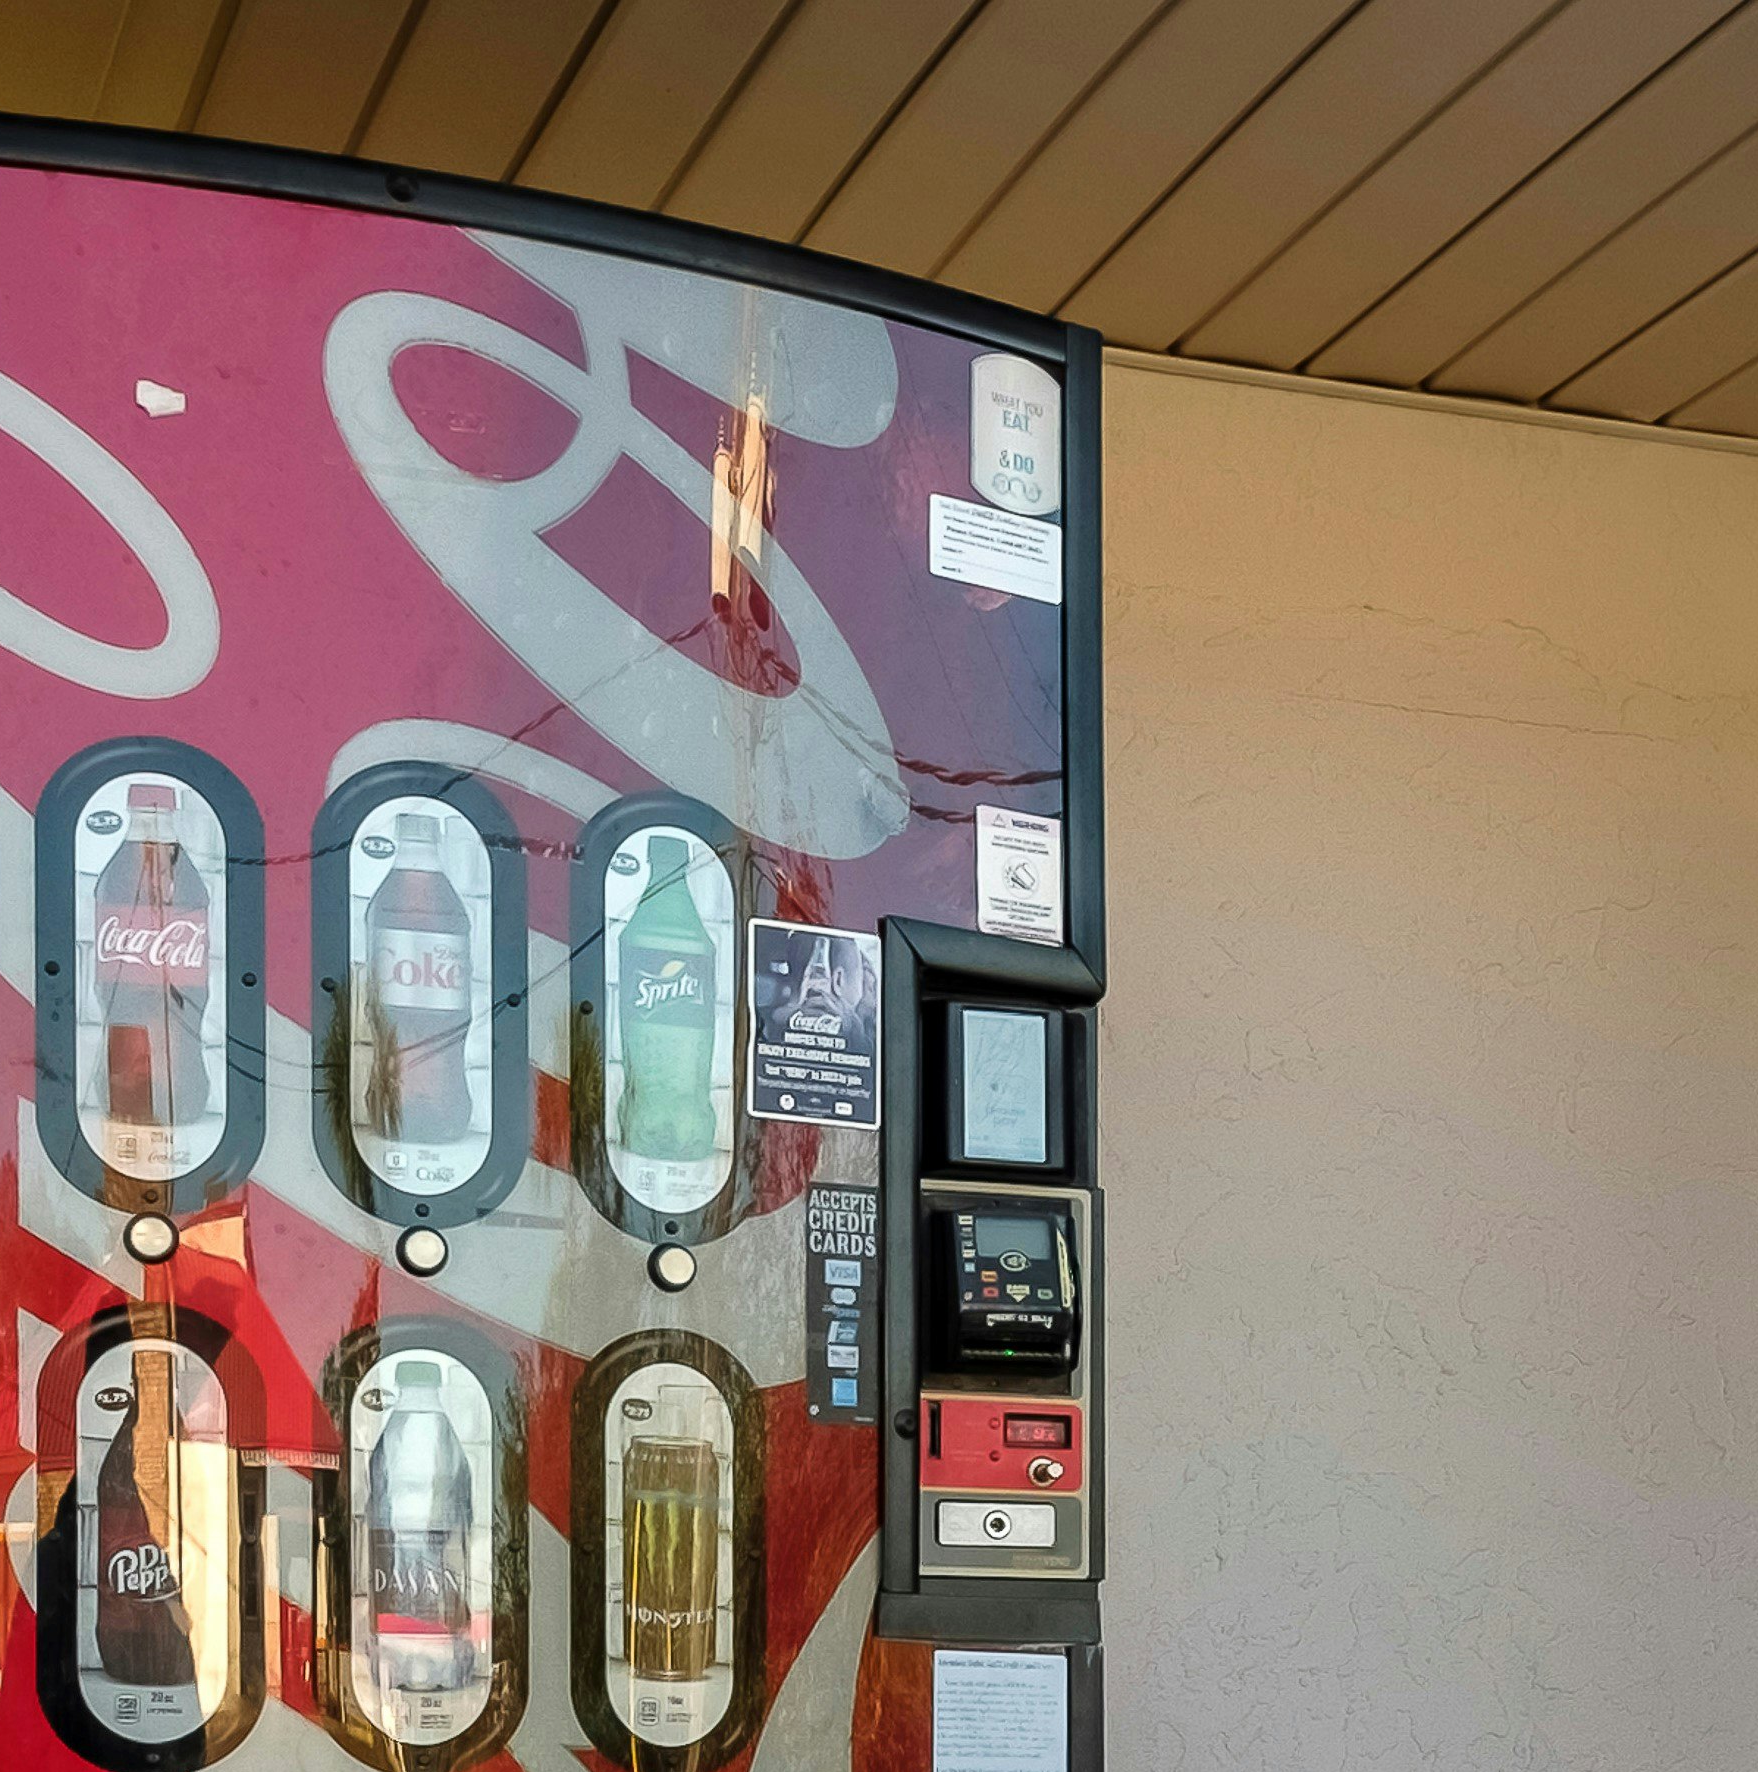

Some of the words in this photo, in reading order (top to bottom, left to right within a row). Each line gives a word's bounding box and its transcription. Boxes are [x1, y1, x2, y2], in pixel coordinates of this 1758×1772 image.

[1013, 453, 1035, 474] DO
[97, 914, 207, 968] Coca-Cola
[633, 970, 700, 1009] Sprite
[789, 1010, 843, 1036] Coca-Cola
[809, 1189, 877, 1213] ACCEPTS
[808, 1209, 877, 1235] CREDIT
[809, 1231, 877, 1258] CARDS
[828, 1262, 858, 1279] VISA
[421, 1696, 432, 1708] 20
□ □ □
* TASK *
Copy the records shown above in their entirety and exactly; images are to be left out.

* THE ANSWER *
Some of the words in this photo, in reading order (top to bottom, left to right within a row). Each line gives a word's bounding box and its transcription. Boxes are [x1, y1, x2, y2], in pixel coordinates of this 1758×1772 image.

[1013, 453, 1035, 474] DO
[97, 914, 207, 968] Coca-Cola
[633, 970, 700, 1009] Sprite
[789, 1010, 843, 1036] Coca-Cola
[809, 1189, 877, 1213] ACCEPTS
[808, 1209, 877, 1235] CREDIT
[809, 1231, 877, 1258] CARDS
[828, 1262, 858, 1279] VISA
[421, 1696, 432, 1708] 20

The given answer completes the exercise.